Last week was celebration time for 27-year-old Gemma. After six years of full-time work as a PR consultant, she managed to pay off the pound;10,000 bank loan she'd bought as a student. The loan, charging double-digit interest, was sold to Gemma by the high street bank that she'd saved with since she was a child.

"I know it sounds stupid, but at the time I didn't even look at how much interest I was paying, or how long it would take me to be debt free," she says. "Since the bank was offering it to me I thought I must be able to pay it back and just looked at it as free money - a sort of top-up for my student loan."

This might sound naive. But Gemma isn't stupid. She's a smart, hard- working young woman who allowed herself to be manipulated by an industry that is all too happy to exploit consumer ignorance of its products. She's not alone. A study in 2007 by one personal finance organisation found that half of young people were in debt by the age of 17 - a statistic that's even more alarming in view of the global credit crisis.

Being financially savvy has never been more important. The UK is marching steadily into a recession of the like not seen in a generation, and British households have amassed record levels of debt. According to credit-rating agency Standard amp; Poor's, a drop in house prices sent 600,000 homeowners into negative equity last year. Our financial literacy is a national embarrassment according to a report from the Organisation for Economic Co-operation and Development, which concluded that Britons systematically overestimated their knowledge of money matters. A study by the Financial Services Authority the same year showed that 7 per cent of people even had trouble reading a bank statement. "About half of people don't take account of the interest rate when they're borrowing or saving," says Vyvian Bronk, head of financial capability at the FSA. "People's ability in this area is not even close to what we assume."

Last year Ed Balls, the Secretary of State for Children, Schools and Families, introduced a pound;11.5 million scheme to boost financial education in schools, giving pupils the tools to make smart choices about their future.

The My Money project, which runs until 2011, will develop resources to improve financial literacy, launch a dedicated My Money week this July, and field a network of regional consultants to help schools and local authorities find time for financial training in a crowded curriculum.

A department spokesman called it, "the first project to provide joined-up financial education starting from when a child first starts school, through to the age of 19". The Government has also taken the step of making economic wellbeing and financial capability part of the programme of study for Personal Social and Health Education, and in Scotland the Scottish Centre for Financial Education provides help and advice to teachers.

But how do you make the dry world of annual percentage rates and balance transfers accessible to pupils?

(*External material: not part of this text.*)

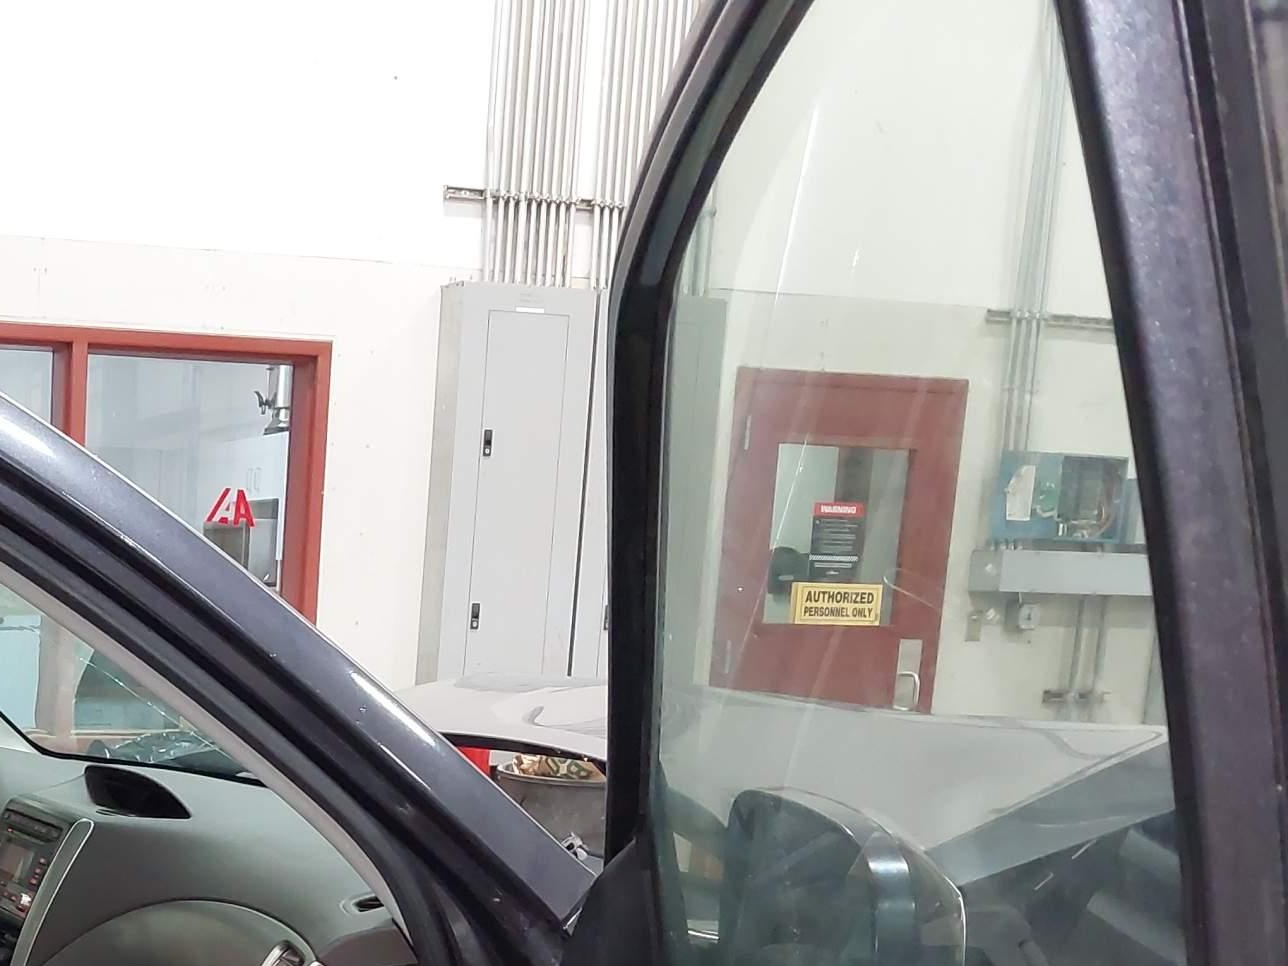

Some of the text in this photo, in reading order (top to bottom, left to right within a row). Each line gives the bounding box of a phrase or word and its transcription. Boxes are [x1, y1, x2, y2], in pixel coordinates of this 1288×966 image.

Wendy van den Hende, chief executive of the Personal Finance Education Group (PFEG), which leads the My Money project, says, "It's a useful way to teach other stuff children are interested in, such as ethical investment, the environment and fair trade. Most will have mobile phones and part-time jobs. It's about helping them to develop financial acumen, enabling them to challenge and question, not just telling them don't get into debt."

Big, fun practical activities can help the subject come alive, like the stock market day held by PFEG at Lawrence Sheriff School in Rugby. Year 9s were given pound;100,000 to invest on an impromptu trading floor staged in the school's main hall, and relayed news flashes and investment updates on to a screen using software called Stock Market Challenge. Between them, pupils had to act as investment managers, media analysts and traders, and the winning group was the one with the best-performing portfolio.

It's not exactly an exercise in financial prudence, but Laura Kisby, head of careers and enterprise, believes it taught pupils about risk. "It showed them that on the stock market, even if you make a wise decision, things can get out of control. Pupils also learnt how to read and make sense of financial articles, and 71 per cent said it had improved their negotiating skills," she says.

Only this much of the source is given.